— Brief —
Every line of the listing should be transcribed exactly, with nothing left out.

— Data records —
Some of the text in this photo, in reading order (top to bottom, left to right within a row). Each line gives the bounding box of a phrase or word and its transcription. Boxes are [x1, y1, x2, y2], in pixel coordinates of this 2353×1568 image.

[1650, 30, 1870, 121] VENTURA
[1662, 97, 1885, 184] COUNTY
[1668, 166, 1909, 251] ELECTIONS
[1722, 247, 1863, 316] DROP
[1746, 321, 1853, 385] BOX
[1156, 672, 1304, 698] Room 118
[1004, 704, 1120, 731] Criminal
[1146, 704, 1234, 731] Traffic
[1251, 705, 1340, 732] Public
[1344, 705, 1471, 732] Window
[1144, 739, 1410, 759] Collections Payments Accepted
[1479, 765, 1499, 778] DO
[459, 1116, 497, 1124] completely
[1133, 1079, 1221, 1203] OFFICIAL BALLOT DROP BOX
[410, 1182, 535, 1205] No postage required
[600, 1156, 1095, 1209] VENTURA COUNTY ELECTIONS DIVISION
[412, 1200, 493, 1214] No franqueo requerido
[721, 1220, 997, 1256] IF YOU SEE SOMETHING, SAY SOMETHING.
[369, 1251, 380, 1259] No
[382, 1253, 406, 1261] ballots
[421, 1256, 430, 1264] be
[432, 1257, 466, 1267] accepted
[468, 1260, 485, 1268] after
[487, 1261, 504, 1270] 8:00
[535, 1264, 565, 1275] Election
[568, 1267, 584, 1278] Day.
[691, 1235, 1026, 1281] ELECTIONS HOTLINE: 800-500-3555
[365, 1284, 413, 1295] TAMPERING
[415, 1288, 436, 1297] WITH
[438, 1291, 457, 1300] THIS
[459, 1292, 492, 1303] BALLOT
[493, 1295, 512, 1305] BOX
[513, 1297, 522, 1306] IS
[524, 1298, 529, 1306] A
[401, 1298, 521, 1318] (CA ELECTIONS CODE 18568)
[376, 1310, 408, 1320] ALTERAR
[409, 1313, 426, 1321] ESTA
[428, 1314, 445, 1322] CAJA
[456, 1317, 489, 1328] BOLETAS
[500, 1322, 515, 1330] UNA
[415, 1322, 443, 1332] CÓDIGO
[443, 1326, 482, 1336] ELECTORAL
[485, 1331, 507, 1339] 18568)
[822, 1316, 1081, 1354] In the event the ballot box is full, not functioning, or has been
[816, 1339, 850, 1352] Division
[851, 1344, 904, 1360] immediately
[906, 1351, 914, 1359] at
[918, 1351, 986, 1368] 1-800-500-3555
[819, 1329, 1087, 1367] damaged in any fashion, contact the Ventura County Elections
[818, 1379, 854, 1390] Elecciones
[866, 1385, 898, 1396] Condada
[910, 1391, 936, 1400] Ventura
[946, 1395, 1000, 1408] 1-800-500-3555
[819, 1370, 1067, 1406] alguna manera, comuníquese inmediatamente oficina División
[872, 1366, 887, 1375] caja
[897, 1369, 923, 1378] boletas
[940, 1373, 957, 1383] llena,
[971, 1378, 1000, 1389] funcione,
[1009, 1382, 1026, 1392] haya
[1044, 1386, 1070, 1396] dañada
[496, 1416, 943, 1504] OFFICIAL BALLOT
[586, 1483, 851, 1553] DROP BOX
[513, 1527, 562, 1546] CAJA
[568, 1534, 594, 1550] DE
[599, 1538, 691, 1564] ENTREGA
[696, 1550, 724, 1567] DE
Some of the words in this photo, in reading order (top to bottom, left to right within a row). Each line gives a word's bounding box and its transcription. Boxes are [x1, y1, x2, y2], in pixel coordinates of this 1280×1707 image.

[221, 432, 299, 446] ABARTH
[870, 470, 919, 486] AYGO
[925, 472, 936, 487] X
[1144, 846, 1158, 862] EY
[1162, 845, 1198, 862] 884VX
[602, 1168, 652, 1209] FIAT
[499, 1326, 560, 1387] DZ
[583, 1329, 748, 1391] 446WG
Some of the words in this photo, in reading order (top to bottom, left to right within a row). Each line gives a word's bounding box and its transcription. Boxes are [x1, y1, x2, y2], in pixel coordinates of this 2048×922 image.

— Solution to this task —
Some of the text in this photo, in reading order (top to bottom, left to right within a row). Each line gives the bounding box of a phrase or word and its transcription. Boxes are [x1, y1, x2, y2], in pixel coordinates of this 2353×1568 image.

[1650, 30, 1870, 121] VENTURA
[1662, 97, 1885, 184] COUNTY
[1668, 166, 1909, 251] ELECTIONS
[1722, 247, 1863, 316] DROP
[1746, 321, 1853, 385] BOX
[1156, 672, 1304, 698] Room 118
[1004, 704, 1120, 731] Criminal
[1146, 704, 1234, 731] Traffic
[1251, 705, 1340, 732] Public
[1344, 705, 1471, 732] Window
[1144, 739, 1410, 759] Collections Payments Accepted
[1479, 765, 1499, 778] DO
[459, 1116, 497, 1124] completely
[1133, 1079, 1221, 1203] OFFICIAL BALLOT DROP BOX
[410, 1182, 535, 1205] No postage required
[600, 1156, 1095, 1209] VENTURA COUNTY ELECTIONS DIVISION
[412, 1200, 493, 1214] No franqueo requerido
[721, 1220, 997, 1256] IF YOU SEE SOMETHING, SAY SOMETHING.
[369, 1251, 380, 1259] No
[382, 1253, 406, 1261] ballots
[421, 1256, 430, 1264] be
[432, 1257, 466, 1267] accepted
[468, 1260, 485, 1268] after
[487, 1261, 504, 1270] 8:00
[535, 1264, 565, 1275] Election
[568, 1267, 584, 1278] Day.
[691, 1235, 1026, 1281] ELECTIONS HOTLINE: 800-500-3555
[365, 1284, 413, 1295] TAMPERING
[415, 1288, 436, 1297] WITH
[438, 1291, 457, 1300] THIS
[459, 1292, 492, 1303] BALLOT
[493, 1295, 512, 1305] BOX
[513, 1297, 522, 1306] IS
[524, 1298, 529, 1306] A
[401, 1298, 521, 1318] (CA ELECTIONS CODE 18568)
[376, 1310, 408, 1320] ALTERAR
[409, 1313, 426, 1321] ESTA
[428, 1314, 445, 1322] CAJA
[456, 1317, 489, 1328] BOLETAS
[500, 1322, 515, 1330] UNA
[415, 1322, 443, 1332] CÓDIGO
[443, 1326, 482, 1336] ELECTORAL
[485, 1331, 507, 1339] 18568)
[822, 1316, 1081, 1354] In the event the ballot box is full, not functioning, or has been
[816, 1339, 850, 1352] Division
[851, 1344, 904, 1360] immediately
[906, 1351, 914, 1359] at
[918, 1351, 986, 1368] 1-800-500-3555
[819, 1329, 1087, 1367] damaged in any fashion, contact the Ventura County Elections
[818, 1379, 854, 1390] Elecciones
[866, 1385, 898, 1396] Condada
[910, 1391, 936, 1400] Ventura
[946, 1395, 1000, 1408] 1-800-500-3555
[819, 1370, 1067, 1406] alguna manera, comuníquese inmediatamente oficina División
[872, 1366, 887, 1375] caja
[897, 1369, 923, 1378] boletas
[940, 1373, 957, 1383] llena,
[971, 1378, 1000, 1389] funcione,
[1009, 1382, 1026, 1392] haya
[1044, 1386, 1070, 1396] dañada
[496, 1416, 943, 1504] OFFICIAL BALLOT
[586, 1483, 851, 1553] DROP BOX
[513, 1527, 562, 1546] CAJA
[568, 1534, 594, 1550] DE
[599, 1538, 691, 1564] ENTREGA
[696, 1550, 724, 1567] DE
Some of the words in this photo, in reading order (top to bottom, left to right within a row). Each line gives a word's bounding box and its transcription. Boxes are [x1, y1, x2, y2], in pixel coordinates of this 1280×1707 image.

[221, 432, 299, 446] ABARTH
[870, 470, 919, 486] AYGO
[925, 472, 936, 487] X
[1144, 846, 1158, 862] EY
[1162, 845, 1198, 862] 884VX
[602, 1168, 652, 1209] FIAT
[499, 1326, 560, 1387] DZ
[583, 1329, 748, 1391] 446WG
Some of the words in this photo, in reading order (top to bottom, left to right within a row). Each line gives a word's bounding box and its transcription. Boxes are [x1, y1, x2, y2], in pixel coordinates of this 2048×922 image.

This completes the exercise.